M&A: Key points to look out for in contracts entered by target companies
- By : Wong Mei Ying
- Category : Contracts, Due Diligence, Linkedin Post, Mergers and Acquisitions
In an M&A transaction, it is important for a buyer to understand the contractual rights and obligations binding the target company under the contracts entered by the target company.
However, the contracts may be voluminous and it is easy to get drowned in the details.
Some key points to look out for in a contract entered by the target company:
1. Parties to the contract
2. Consideration- amount, mode of consideration, payment term
3. Recitals usually explain the nature of the contract
4. Term and termination
· When does the contract expire?
· Are there are any extension or renewal clauses?

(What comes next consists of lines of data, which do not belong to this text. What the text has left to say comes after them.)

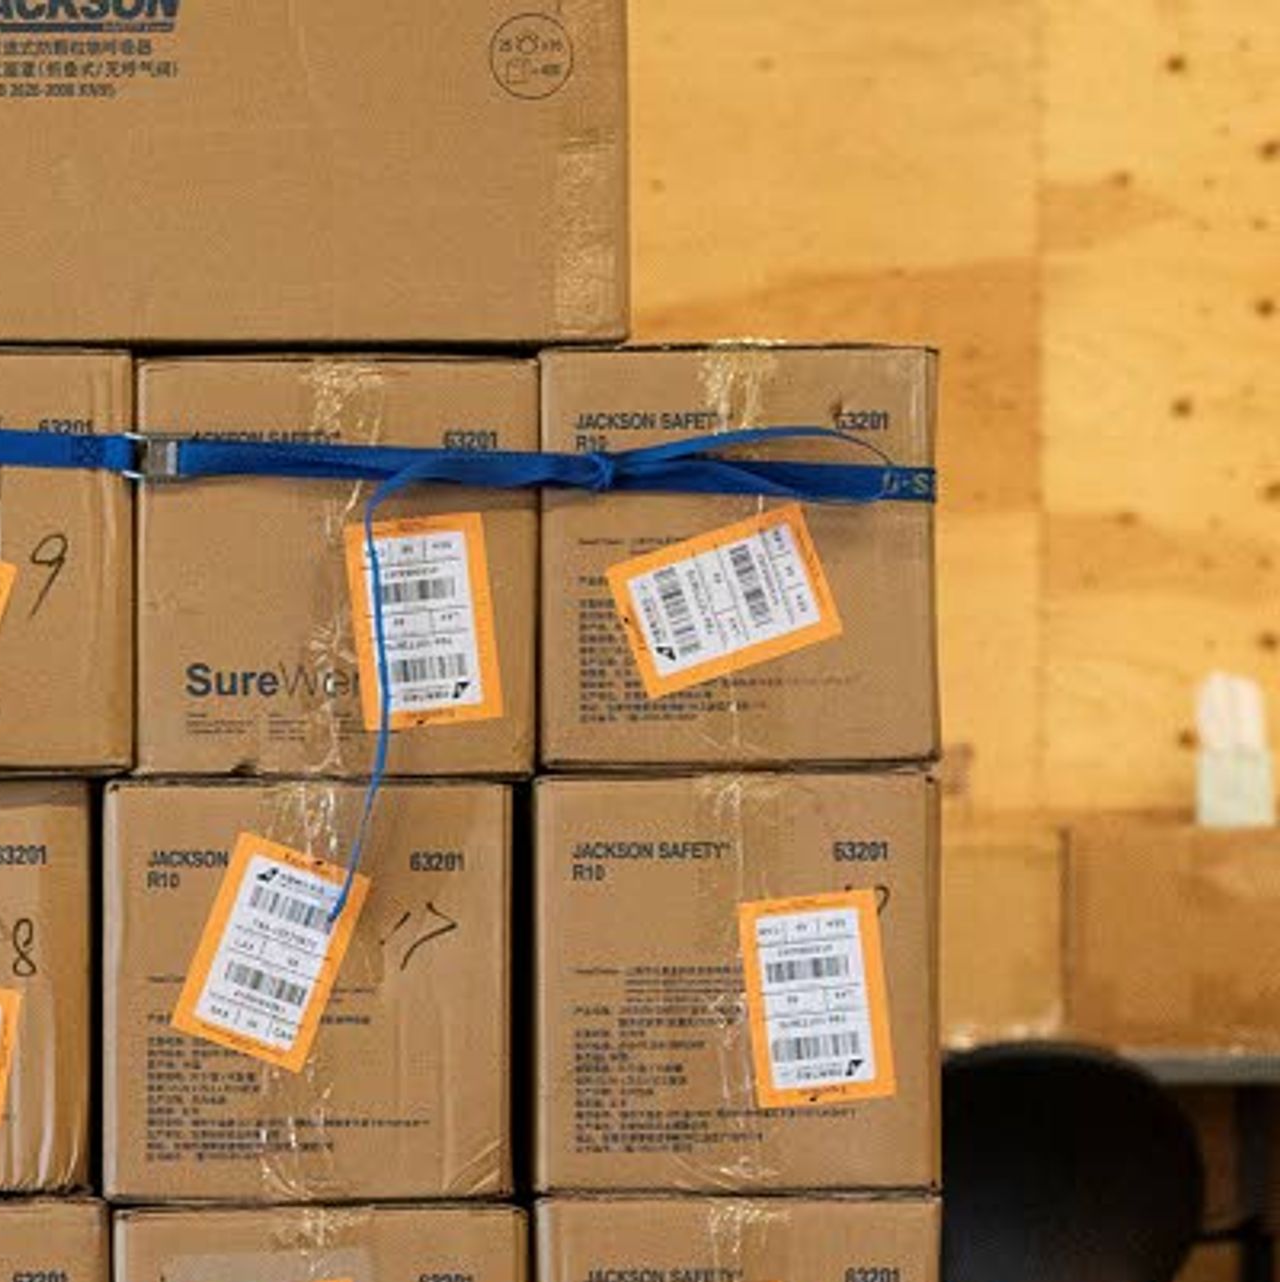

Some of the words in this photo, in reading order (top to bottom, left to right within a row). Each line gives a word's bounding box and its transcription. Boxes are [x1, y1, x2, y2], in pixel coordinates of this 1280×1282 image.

[576, 412, 655, 431] JACKSON
[32, 533, 69, 618] 9
[147, 851, 228, 868] JACKSON
[572, 842, 654, 860] JACKSON
[833, 841, 889, 862] 63201
[409, 852, 465, 872] 63201
[147, 873, 180, 890] R10
[572, 864, 606, 882] R10
[12, 917, 37, 977] 8
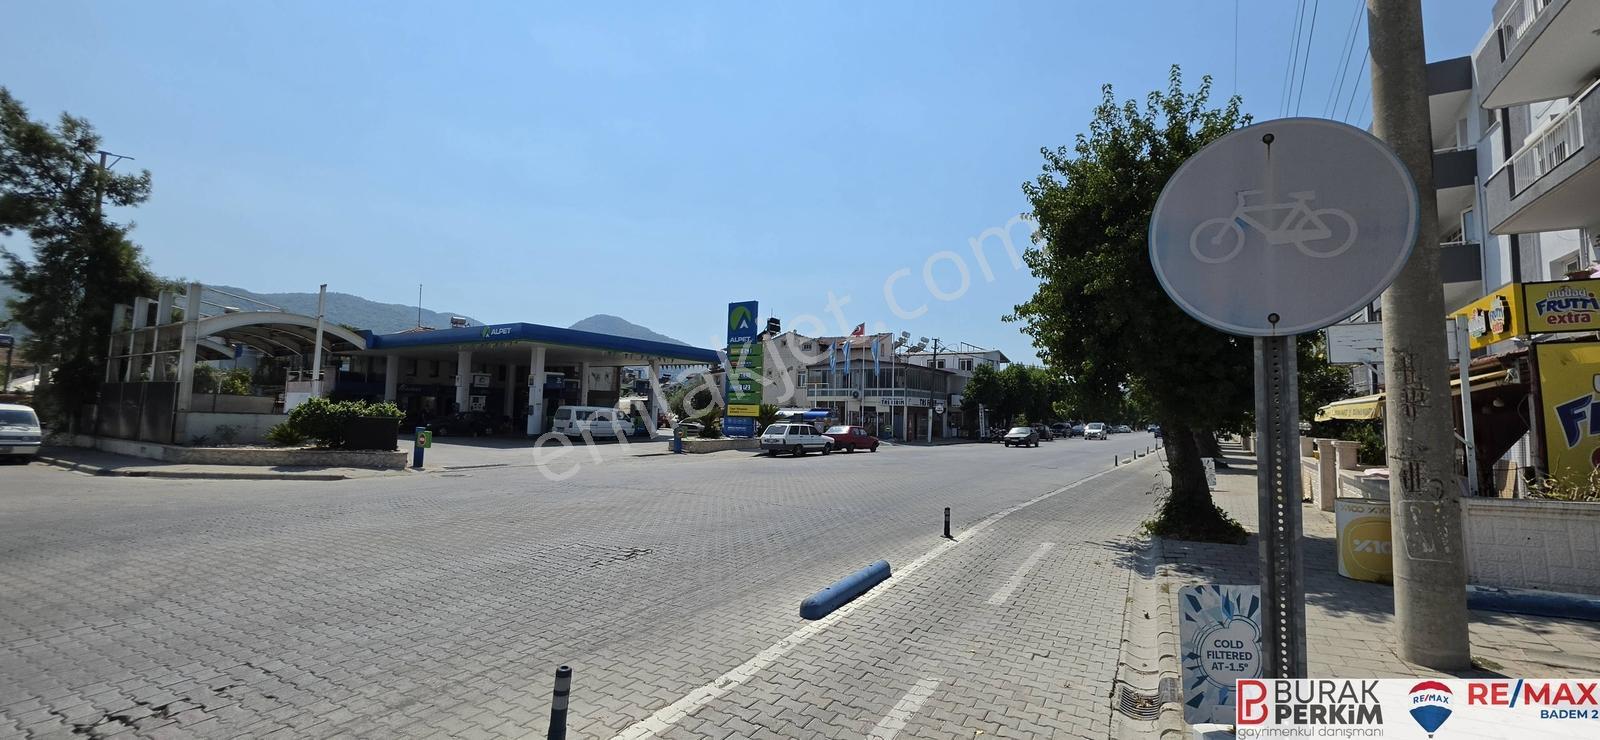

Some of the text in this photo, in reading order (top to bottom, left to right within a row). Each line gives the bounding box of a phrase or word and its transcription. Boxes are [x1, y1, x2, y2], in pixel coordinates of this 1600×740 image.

[1547, 312, 1591, 325] extra
[490, 327, 512, 336] ALPET
[729, 336, 752, 344] ALPET
[1213, 639, 1244, 649] COLD
[1206, 650, 1253, 661] FILTERED

· Can the counterparties terminate the contract unilaterally or upon certain events triggered by the M&A transactions, such as change of control or shareholding provisions?
· How long is the notice period to terminate?
5. Are there any liquidated damages, penalties, uncapped liability or indemnity, or service level clauses which may lead to loss-making contract.
6. Are there any restrictive covenants and exclusivity provisions in the contract which will restrict how the target company conduct its business such as non-competition or non-solicitation provisions?
7. Do the counterparties have the right to assign the contract to third parties without consent from the target company?
8. For intellectual property related contract, who owns the intellectual property right which is the subject matter of that contract?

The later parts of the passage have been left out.